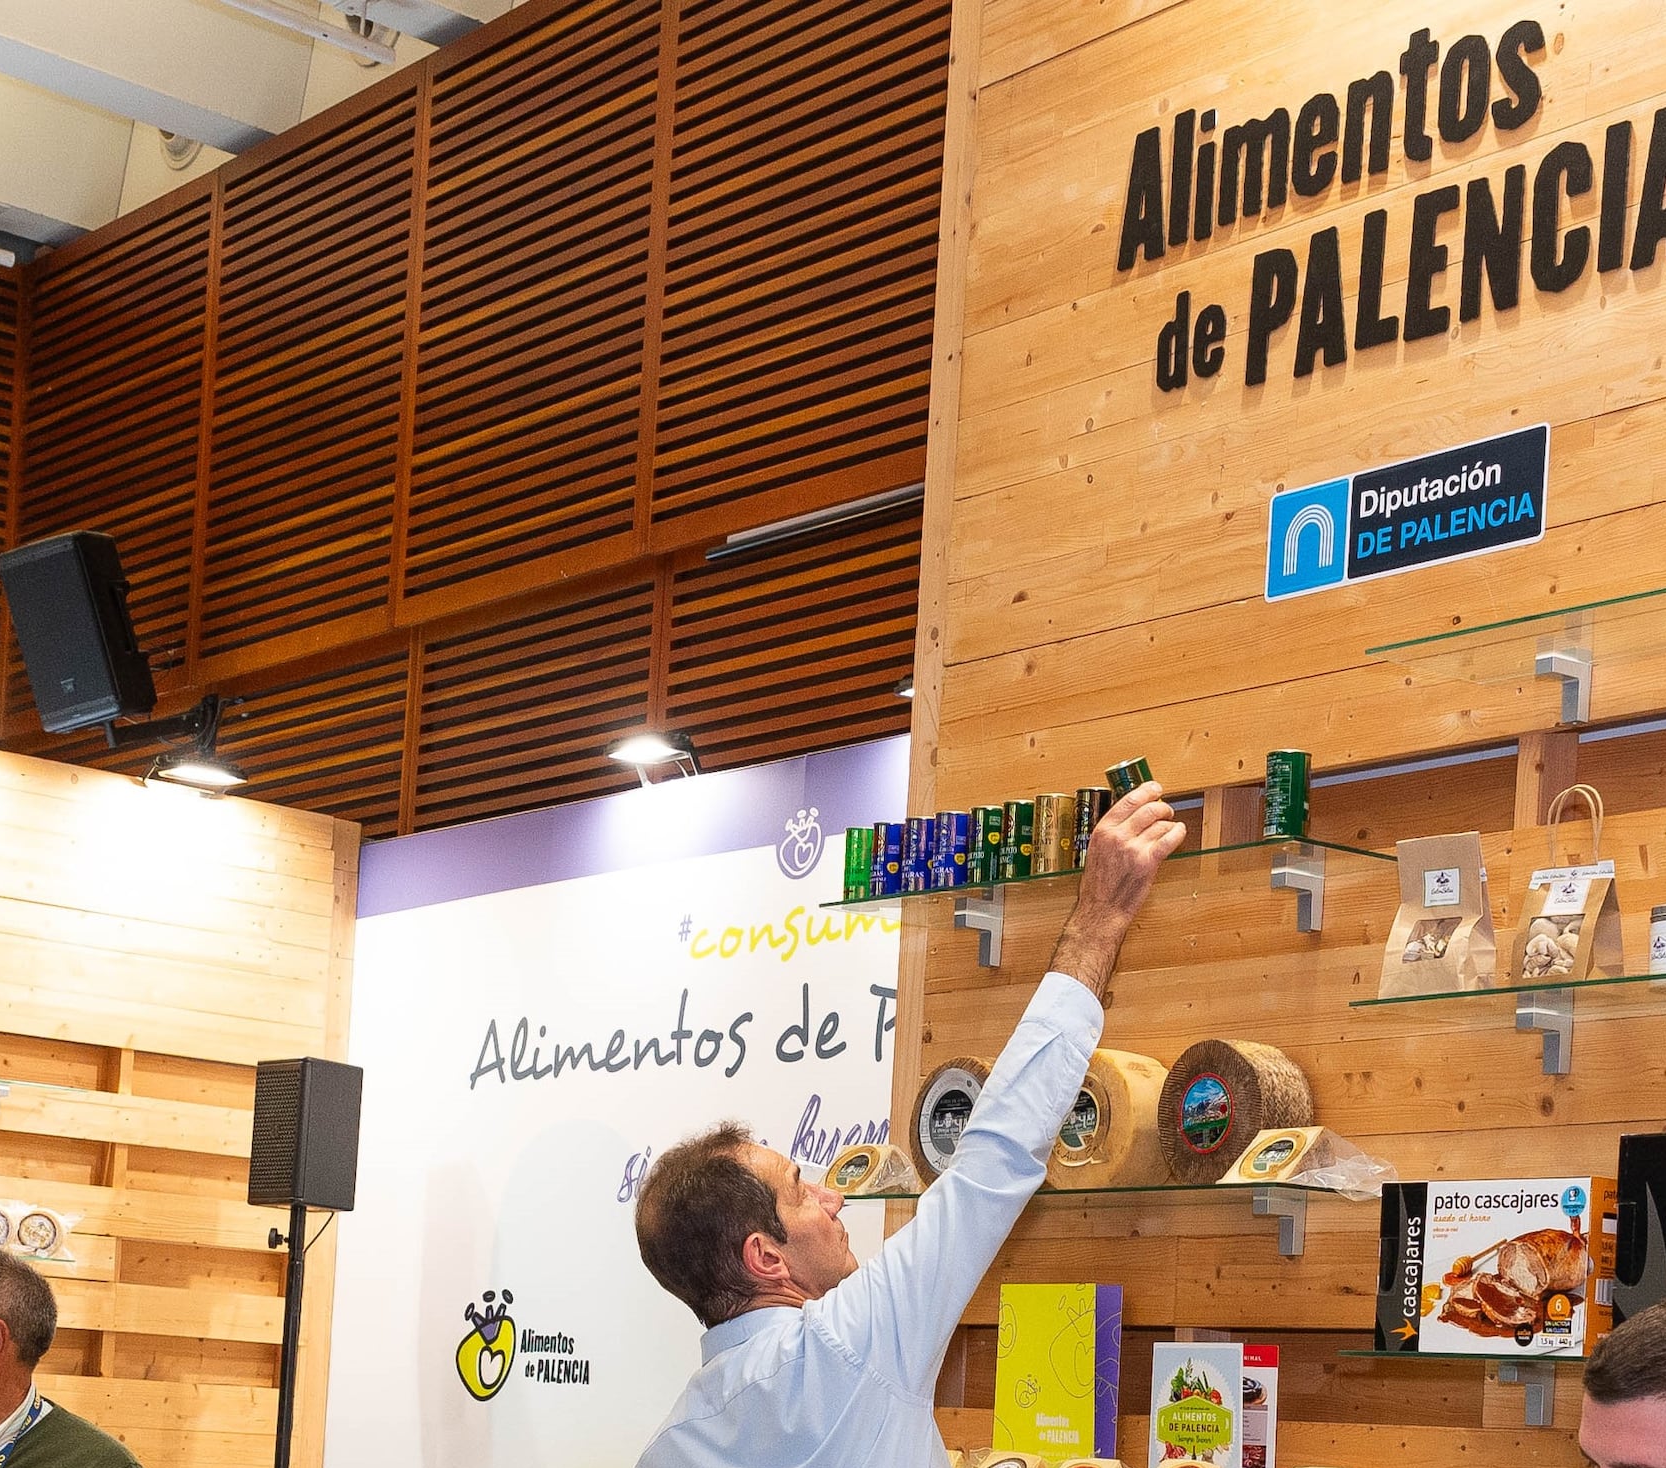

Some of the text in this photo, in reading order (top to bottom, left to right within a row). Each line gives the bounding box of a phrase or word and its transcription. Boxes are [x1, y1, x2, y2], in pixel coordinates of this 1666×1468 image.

[1117, 20, 1546, 272] Alimentos
[1156, 290, 1225, 393] de
[1359, 461, 1502, 519] Diputación
[1357, 492, 1536, 560] DE PALENCIA
[470, 988, 753, 1090] Alimentos
[776, 983, 847, 1064] de
[1434, 1194, 1471, 1215] pato
[1477, 1189, 1559, 1214] cascajares
[1402, 1216, 1423, 1318] cascajares
[1554, 1298, 1563, 1313] 6
[520, 1328, 575, 1355] Alimentos
[524, 1358, 590, 1386] de PALENCIA
[1169, 1423, 1220, 1434] DE PALENCIA
[1172, 1411, 1217, 1423] ALIMENTOS

About this task => In copying the material, drop all pictures and keep everything else identical.

Result of this task =>
Some of the text in this photo, in reading order (top to bottom, left to right within a row). Each line gives the bounding box of a phrase or word and its transcription. Boxes are [x1, y1, x2, y2], in pixel coordinates of this 1666×1468 image.

[1117, 20, 1546, 272] Alimentos
[1156, 290, 1225, 393] de
[1359, 461, 1502, 519] Diputación
[1357, 492, 1536, 560] DE PALENCIA
[470, 988, 753, 1090] Alimentos
[776, 983, 847, 1064] de
[1434, 1194, 1471, 1215] pato
[1477, 1189, 1559, 1214] cascajares
[1402, 1216, 1423, 1318] cascajares
[1554, 1298, 1563, 1313] 6
[520, 1328, 575, 1355] Alimentos
[524, 1358, 590, 1386] de PALENCIA
[1169, 1423, 1220, 1434] DE PALENCIA
[1172, 1411, 1217, 1423] ALIMENTOS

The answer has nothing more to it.